[Annotated photo localization data]
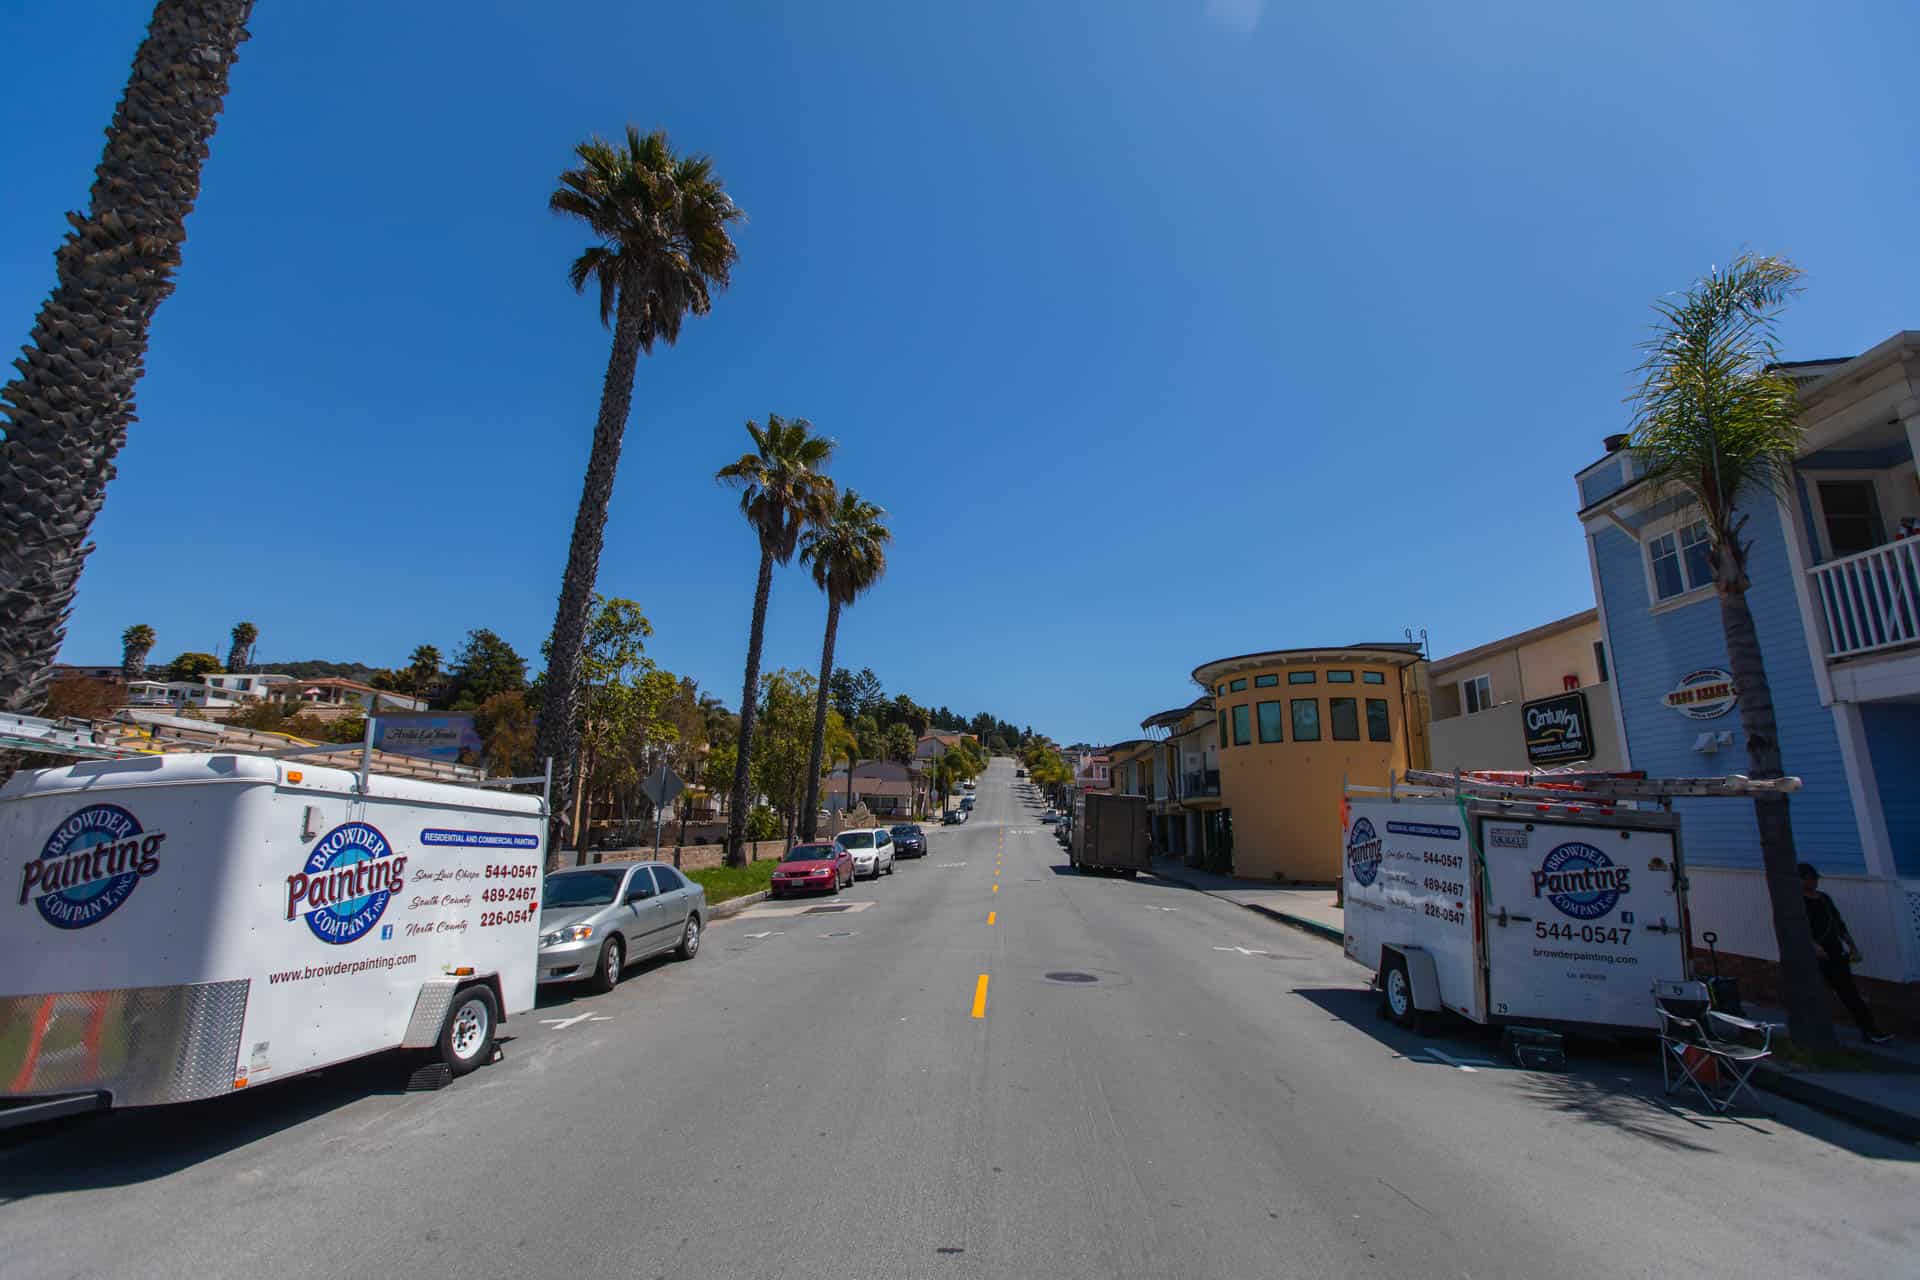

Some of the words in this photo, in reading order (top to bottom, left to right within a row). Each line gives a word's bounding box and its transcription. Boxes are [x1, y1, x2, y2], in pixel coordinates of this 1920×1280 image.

[1527, 707, 1568, 730] Century
[1565, 713, 1581, 738] 21
[48, 809, 132, 855] BROWDER
[424, 832, 464, 842] RESIDENTIAL
[466, 834, 478, 842] AND
[478, 835, 513, 845] COMMERCIAL
[311, 828, 385, 869] BROWDER
[1347, 839, 1383, 868] Painting
[1423, 851, 1463, 870] 544-0547
[1547, 846, 1607, 870] BROWDER
[18, 832, 166, 906] Painting
[410, 869, 433, 882] San
[485, 865, 538, 878] 544-0547
[1531, 865, 1631, 897] Painting
[286, 856, 408, 921] Painting
[408, 895, 439, 910] South
[441, 894, 472, 908] County
[482, 888, 537, 902] 489-2467
[1424, 877, 1464, 896] 489-2467
[314, 907, 377, 937] COMPANY,
[405, 922, 434, 937] North
[436, 920, 469, 935] County
[480, 909, 536, 927] 226-0547
[1424, 903, 1465, 925] 226-0547
[1535, 921, 1631, 945] 544-0547
[269, 953, 417, 985] www.browderpainting.com
[1533, 948, 1638, 965] browderpainting.com

● **EXERCISE REQUIREMENTS**
Without the pictures, set down every entry exactly.

● **EXERCISE OUTPUT**
Some of the words in this photo, in reading order (top to bottom, left to right within a row). Each line gives a word's bounding box and its transcription. Boxes are [x1, y1, x2, y2], in pixel coordinates of this 1920×1280 image.

[1527, 707, 1568, 730] Century
[1565, 713, 1581, 738] 21
[48, 809, 132, 855] BROWDER
[424, 832, 464, 842] RESIDENTIAL
[466, 834, 478, 842] AND
[478, 835, 513, 845] COMMERCIAL
[311, 828, 385, 869] BROWDER
[1347, 839, 1383, 868] Painting
[1423, 851, 1463, 870] 544-0547
[1547, 846, 1607, 870] BROWDER
[18, 832, 166, 906] Painting
[410, 869, 433, 882] San
[485, 865, 538, 878] 544-0547
[1531, 865, 1631, 897] Painting
[286, 856, 408, 921] Painting
[408, 895, 439, 910] South
[441, 894, 472, 908] County
[482, 888, 537, 902] 489-2467
[1424, 877, 1464, 896] 489-2467
[314, 907, 377, 937] COMPANY,
[405, 922, 434, 937] North
[436, 920, 469, 935] County
[480, 909, 536, 927] 226-0547
[1424, 903, 1465, 925] 226-0547
[1535, 921, 1631, 945] 544-0547
[269, 953, 417, 985] www.browderpainting.com
[1533, 948, 1638, 965] browderpainting.com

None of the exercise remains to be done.